(RECORDS FOR THIS EXERCISE)
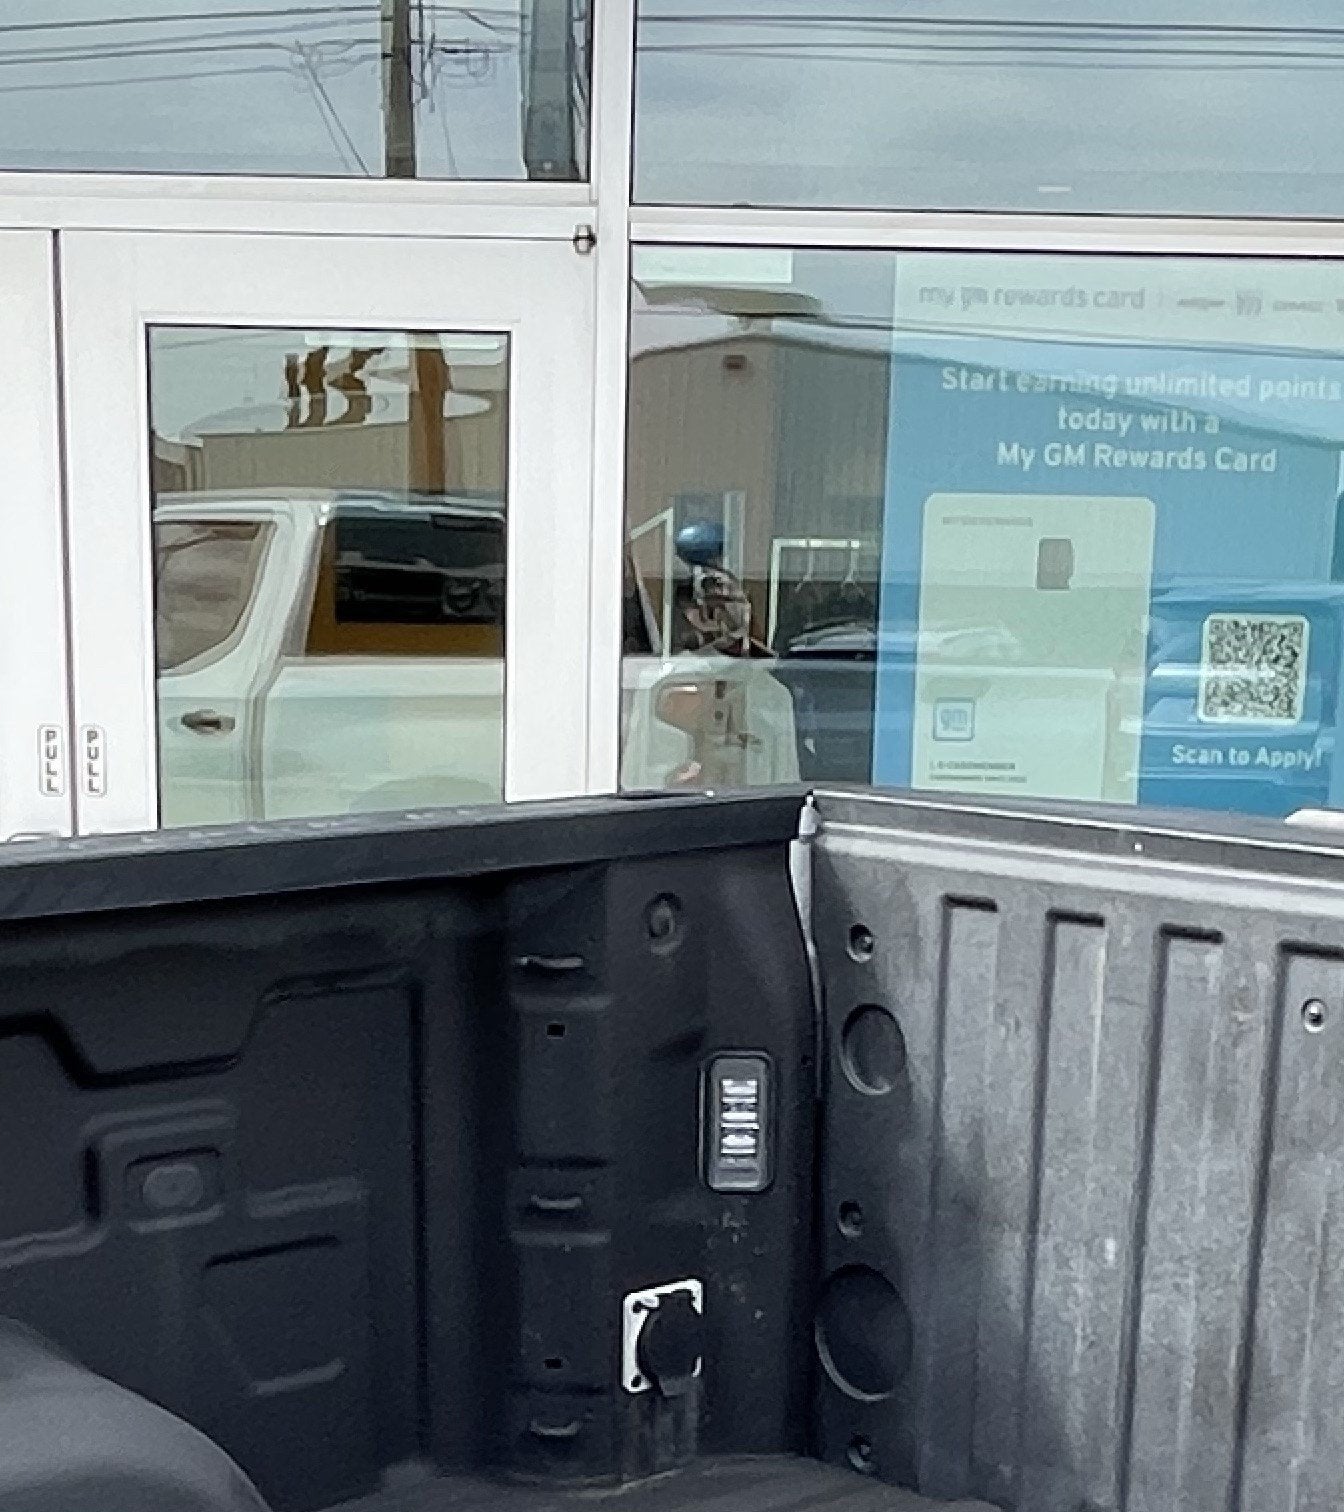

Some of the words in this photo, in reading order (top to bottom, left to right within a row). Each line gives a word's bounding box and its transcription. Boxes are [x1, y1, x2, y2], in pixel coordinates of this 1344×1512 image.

[1093, 287, 1146, 309] card
[942, 366, 1008, 392] Start
[1016, 368, 1119, 400] earning
[1123, 371, 1252, 398] unlimited
[1259, 374, 1342, 402] points
[1058, 405, 1133, 438] today
[1140, 408, 1197, 434] with
[1204, 414, 1221, 434] a
[996, 441, 1036, 472] My
[1043, 441, 1087, 467] GM
[1093, 442, 1207, 471] Rewards
[1214, 446, 1278, 472] Card
[45, 730, 58, 792] PULL
[86, 730, 99, 792] PULL
[1171, 744, 1225, 765] Scan
[1228, 746, 1250, 766] to
[1254, 746, 1323, 772] Apply!
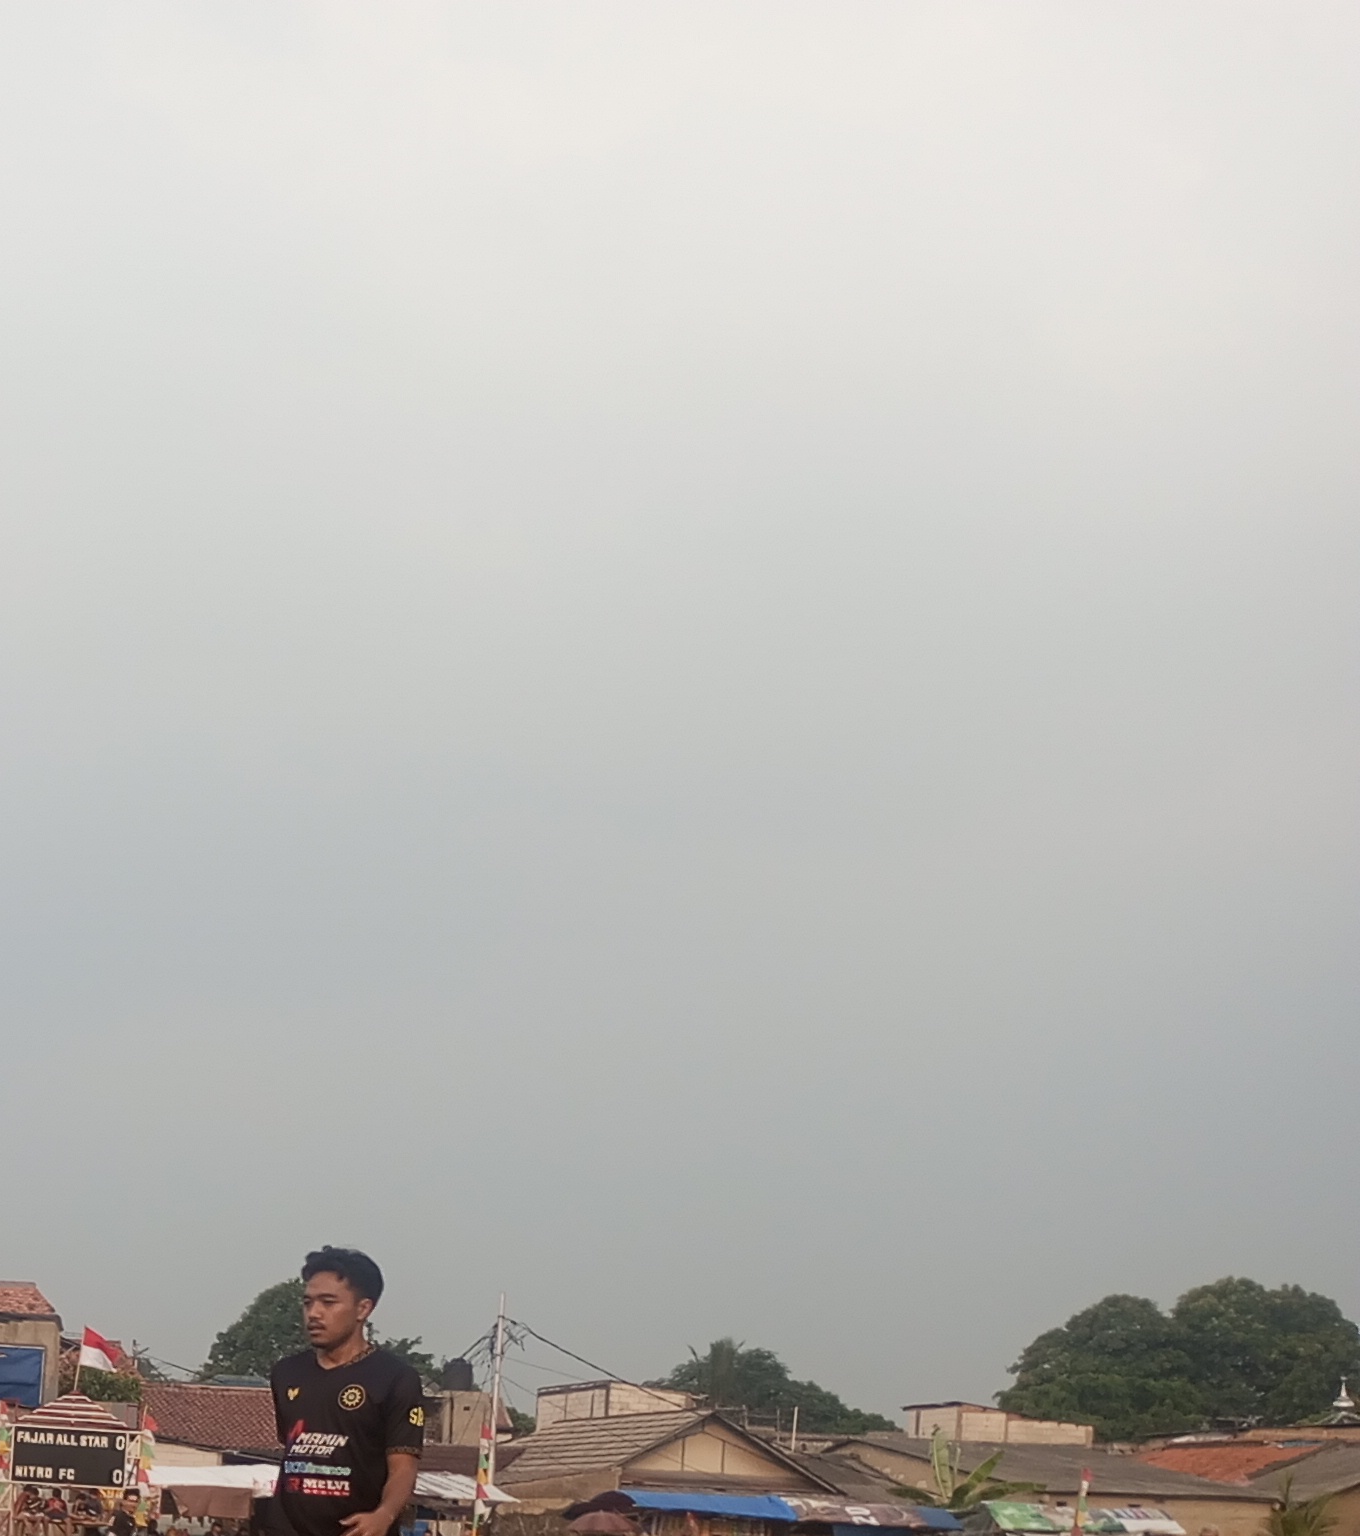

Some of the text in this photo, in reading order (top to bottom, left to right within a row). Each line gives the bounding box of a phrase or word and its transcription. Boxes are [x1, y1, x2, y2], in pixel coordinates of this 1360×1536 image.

[17, 1431, 126, 1451] FAJAR ALL STAR 0
[295, 1432, 349, 1447] MAMIN
[290, 1444, 337, 1456] MOTOR
[15, 1465, 122, 1484] NITRO FC 0
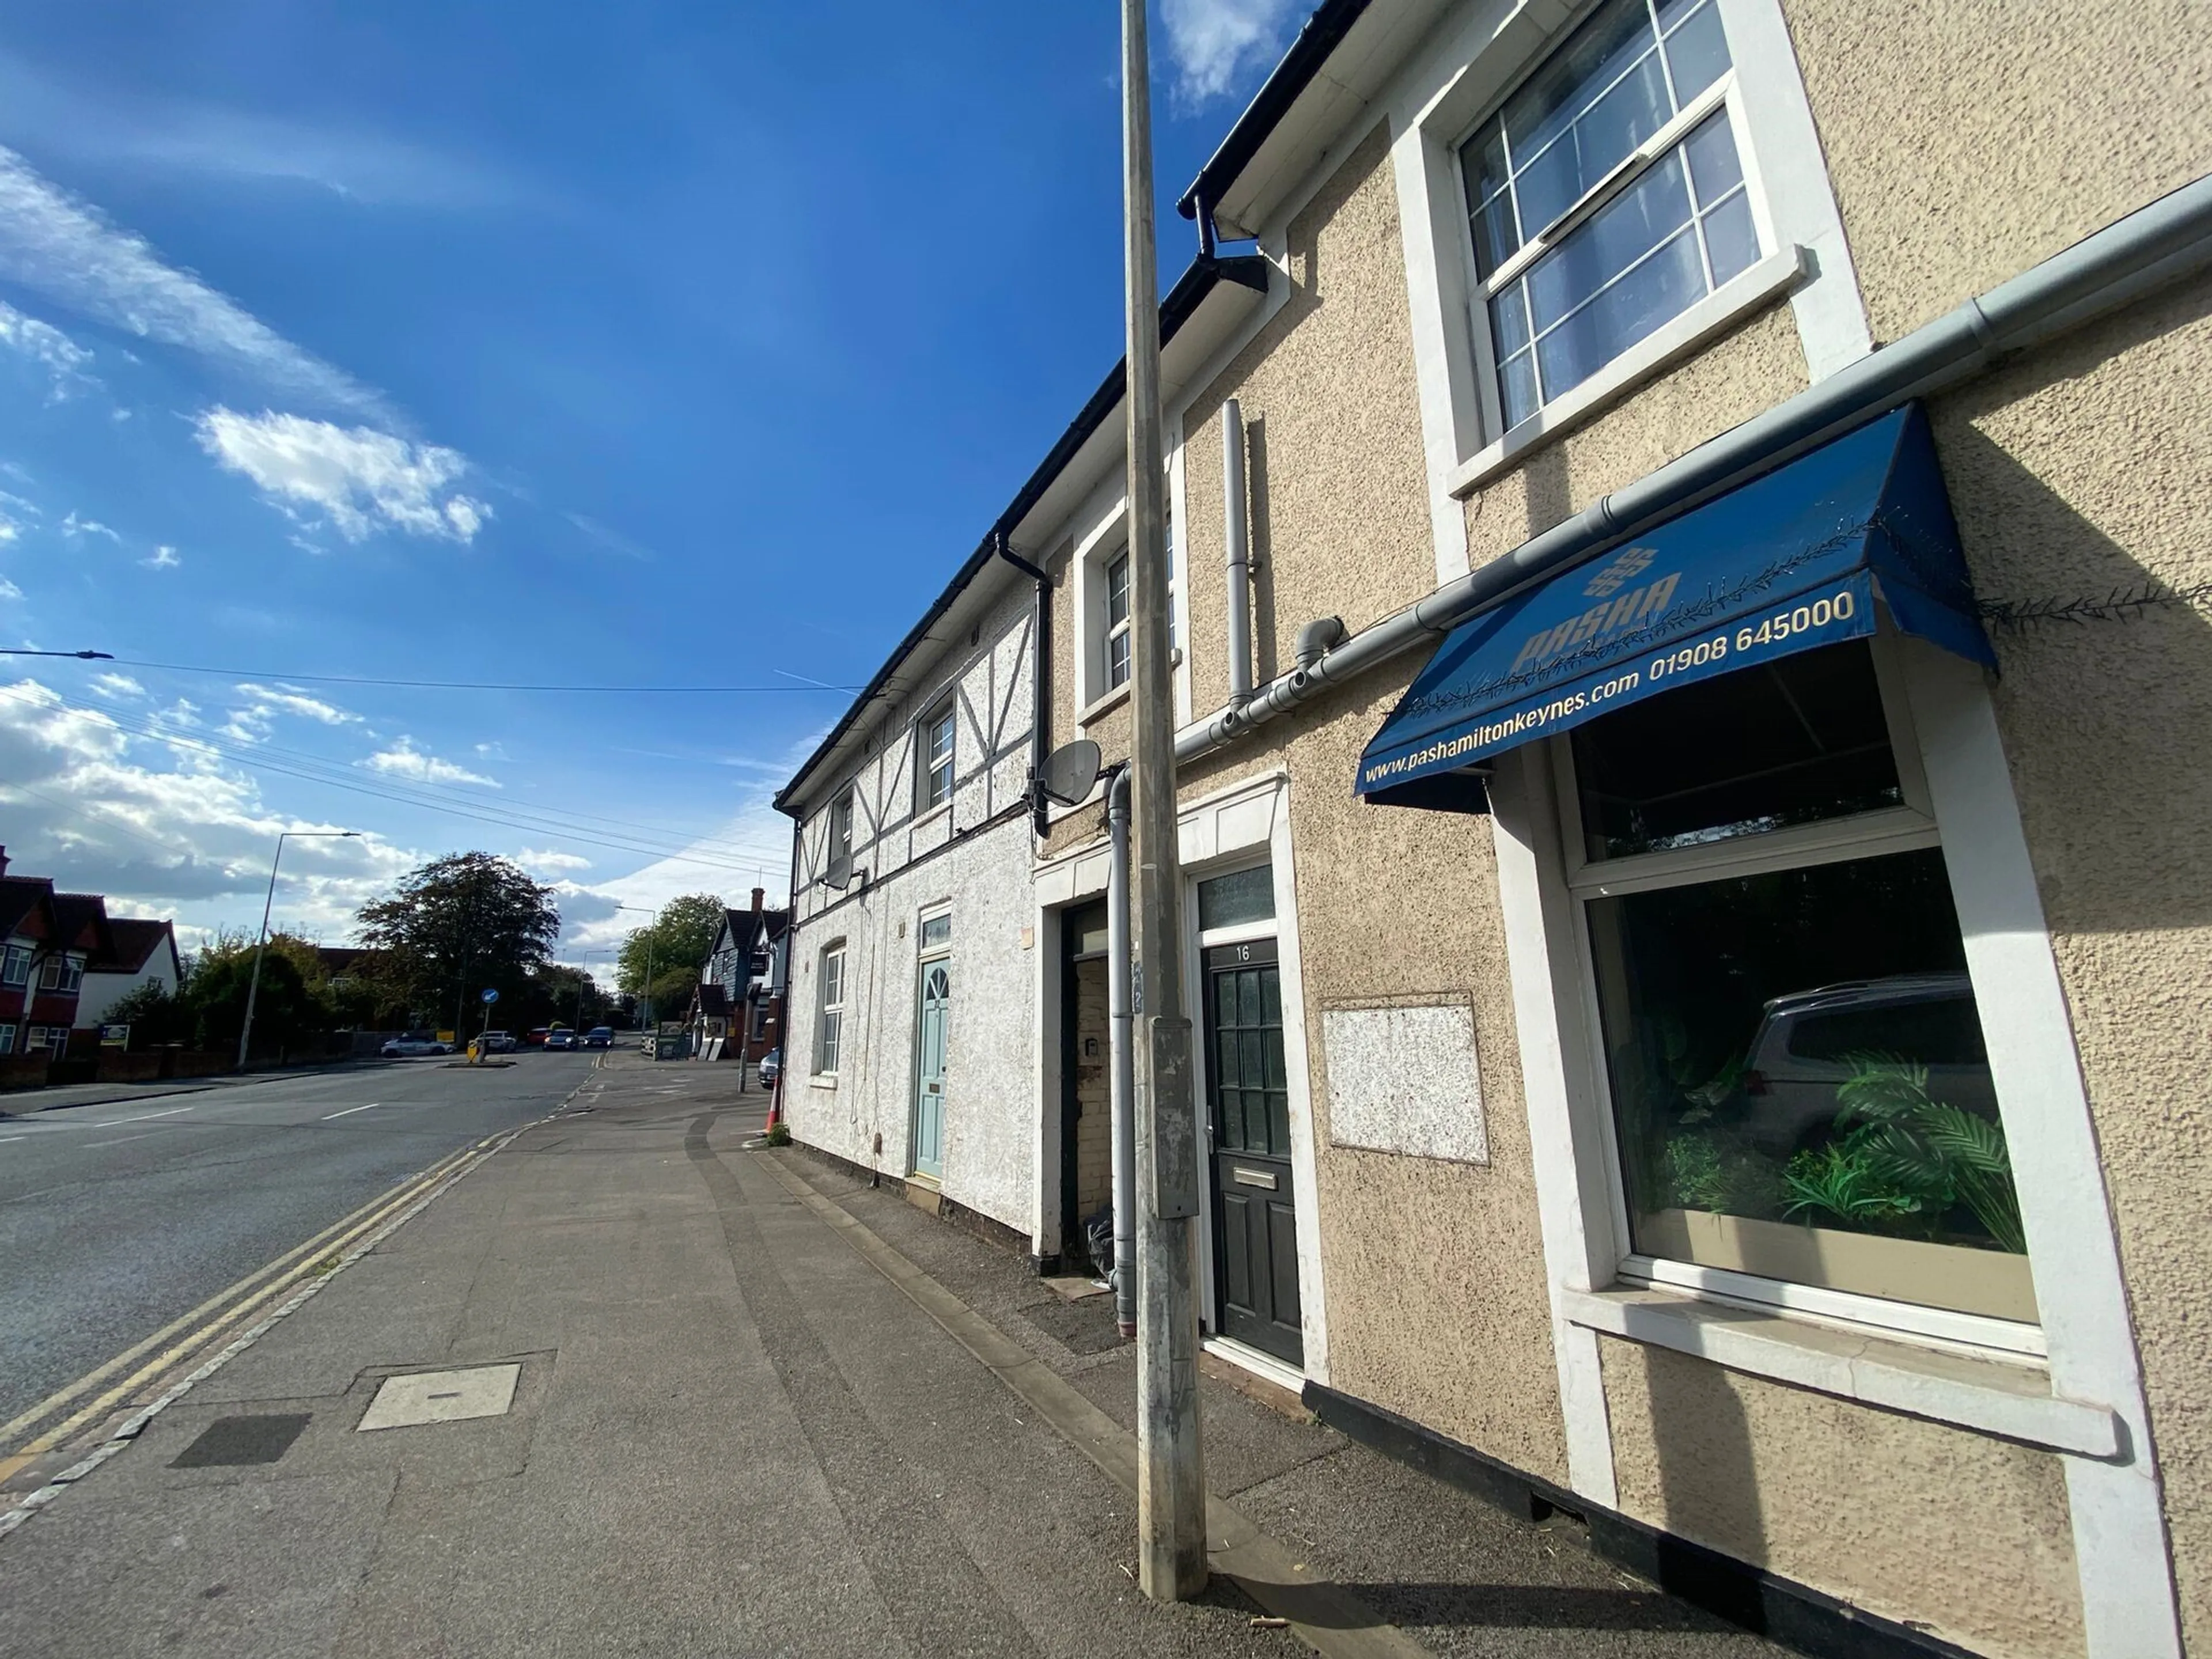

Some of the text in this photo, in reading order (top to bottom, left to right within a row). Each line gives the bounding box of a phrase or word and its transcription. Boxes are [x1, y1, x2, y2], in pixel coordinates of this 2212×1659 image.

[1510, 572, 1683, 675] PASHA
[1365, 670, 1639, 783] www.pashamiltonkeynes.com
[1649, 636, 1728, 681] 01908
[1736, 591, 1855, 652] 645000
[1236, 945, 1249, 961] 16
(End RECORDS FOR THIS EXERCISE)
WORK TO COMPLETE » Everything from the line containing "this 2212×1659 image." through the last line above should be set down exactly; include no other lines.

TASK RESULT »
Some of the text in this photo, in reading order (top to bottom, left to right within a row). Each line gives the bounding box of a phrase or word and its transcription. Boxes are [x1, y1, x2, y2], in pixel coordinates of this 2212×1659 image.

[1510, 572, 1683, 675] PASHA
[1365, 670, 1639, 783] www.pashamiltonkeynes.com
[1649, 636, 1728, 681] 01908
[1736, 591, 1855, 652] 645000
[1236, 945, 1249, 961] 16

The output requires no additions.